### Required action
Return the following entries exactly, word for word.

Referring expression grounding data
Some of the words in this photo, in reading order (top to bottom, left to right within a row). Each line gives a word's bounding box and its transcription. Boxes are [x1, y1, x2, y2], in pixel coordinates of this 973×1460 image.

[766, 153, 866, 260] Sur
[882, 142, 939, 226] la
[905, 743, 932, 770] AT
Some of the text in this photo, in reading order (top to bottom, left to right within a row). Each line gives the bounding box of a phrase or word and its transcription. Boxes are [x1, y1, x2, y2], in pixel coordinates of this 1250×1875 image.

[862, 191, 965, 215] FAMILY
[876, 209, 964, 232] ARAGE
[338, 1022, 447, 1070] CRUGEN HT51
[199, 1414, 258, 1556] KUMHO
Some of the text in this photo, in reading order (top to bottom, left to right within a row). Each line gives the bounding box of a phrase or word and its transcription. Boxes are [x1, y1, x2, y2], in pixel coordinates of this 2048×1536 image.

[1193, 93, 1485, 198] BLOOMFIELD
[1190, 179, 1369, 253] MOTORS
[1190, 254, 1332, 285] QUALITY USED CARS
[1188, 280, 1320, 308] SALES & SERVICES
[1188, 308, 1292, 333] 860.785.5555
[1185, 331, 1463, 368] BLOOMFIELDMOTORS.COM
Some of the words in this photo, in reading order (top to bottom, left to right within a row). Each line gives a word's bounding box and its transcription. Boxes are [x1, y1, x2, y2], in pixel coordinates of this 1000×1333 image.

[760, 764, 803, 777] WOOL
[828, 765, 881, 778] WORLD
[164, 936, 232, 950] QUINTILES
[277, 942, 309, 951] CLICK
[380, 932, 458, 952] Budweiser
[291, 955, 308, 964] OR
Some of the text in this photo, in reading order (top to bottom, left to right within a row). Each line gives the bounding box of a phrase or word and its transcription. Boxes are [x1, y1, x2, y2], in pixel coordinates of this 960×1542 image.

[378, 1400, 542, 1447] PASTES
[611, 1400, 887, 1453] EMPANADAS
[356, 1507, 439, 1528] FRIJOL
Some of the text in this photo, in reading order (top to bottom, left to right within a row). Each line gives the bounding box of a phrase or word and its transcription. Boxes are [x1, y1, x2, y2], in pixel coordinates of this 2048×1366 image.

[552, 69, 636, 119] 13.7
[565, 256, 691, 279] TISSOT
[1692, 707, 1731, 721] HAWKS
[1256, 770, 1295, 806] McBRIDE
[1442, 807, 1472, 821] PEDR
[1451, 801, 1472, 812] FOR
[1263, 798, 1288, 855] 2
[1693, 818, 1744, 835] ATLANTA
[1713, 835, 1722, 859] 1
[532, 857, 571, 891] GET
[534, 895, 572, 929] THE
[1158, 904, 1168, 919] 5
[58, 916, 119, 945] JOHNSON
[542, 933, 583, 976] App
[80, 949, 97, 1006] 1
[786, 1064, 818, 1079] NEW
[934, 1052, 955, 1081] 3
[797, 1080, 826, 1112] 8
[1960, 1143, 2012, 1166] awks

### Answer for the task
Some of the words in this photo, in reading order (top to bottom, left to right within a row). Each line gives a word's bounding box and its transcription. Boxes are [x1, y1, x2, y2], in pixel coordinates of this 973×1460 image.

[766, 153, 866, 260] Sur
[882, 142, 939, 226] la
[905, 743, 932, 770] AT
Some of the text in this photo, in reading order (top to bottom, left to right within a row). Each line gives the bounding box of a phrase or word and its transcription. Boxes are [x1, y1, x2, y2], in pixel coordinates of this 1250×1875 image.

[862, 191, 965, 215] FAMILY
[876, 209, 964, 232] ARAGE
[338, 1022, 447, 1070] CRUGEN HT51
[199, 1414, 258, 1556] KUMHO
Some of the text in this photo, in reading order (top to bottom, left to right within a row). Each line gives the bounding box of a phrase or word and its transcription. Boxes are [x1, y1, x2, y2], in pixel coordinates of this 2048×1536 image.

[1193, 93, 1485, 198] BLOOMFIELD
[1190, 179, 1369, 253] MOTORS
[1190, 254, 1332, 285] QUALITY USED CARS
[1188, 280, 1320, 308] SALES & SERVICES
[1188, 308, 1292, 333] 860.785.5555
[1185, 331, 1463, 368] BLOOMFIELDMOTORS.COM
Some of the words in this photo, in reading order (top to bottom, left to right within a row). Each line gives a word's bounding box and its transcription. Boxes are [x1, y1, x2, y2], in pixel coordinates of this 1000×1333 image.

[760, 764, 803, 777] WOOL
[828, 765, 881, 778] WORLD
[164, 936, 232, 950] QUINTILES
[277, 942, 309, 951] CLICK
[380, 932, 458, 952] Budweiser
[291, 955, 308, 964] OR
Some of the text in this photo, in reading order (top to bottom, left to right within a row). Each line gives the bounding box of a phrase or word and its transcription. Boxes are [x1, y1, x2, y2], in pixel coordinates of this 960×1542 image.

[378, 1400, 542, 1447] PASTES
[611, 1400, 887, 1453] EMPANADAS
[356, 1507, 439, 1528] FRIJOL
Some of the text in this photo, in reading order (top to bottom, left to right within a row). Each line gives the bounding box of a phrase or word and its transcription. Boxes are [x1, y1, x2, y2], in pixel coordinates of this 2048×1366 image.

[552, 69, 636, 119] 13.7
[565, 256, 691, 279] TISSOT
[1692, 707, 1731, 721] HAWKS
[1256, 770, 1295, 806] McBRIDE
[1442, 807, 1472, 821] PEDR
[1451, 801, 1472, 812] FOR
[1263, 798, 1288, 855] 2
[1693, 818, 1744, 835] ATLANTA
[1713, 835, 1722, 859] 1
[532, 857, 571, 891] GET
[534, 895, 572, 929] THE
[1158, 904, 1168, 919] 5
[58, 916, 119, 945] JOHNSON
[542, 933, 583, 976] App
[80, 949, 97, 1006] 1
[786, 1064, 818, 1079] NEW
[934, 1052, 955, 1081] 3
[797, 1080, 826, 1112] 8
[1960, 1143, 2012, 1166] awks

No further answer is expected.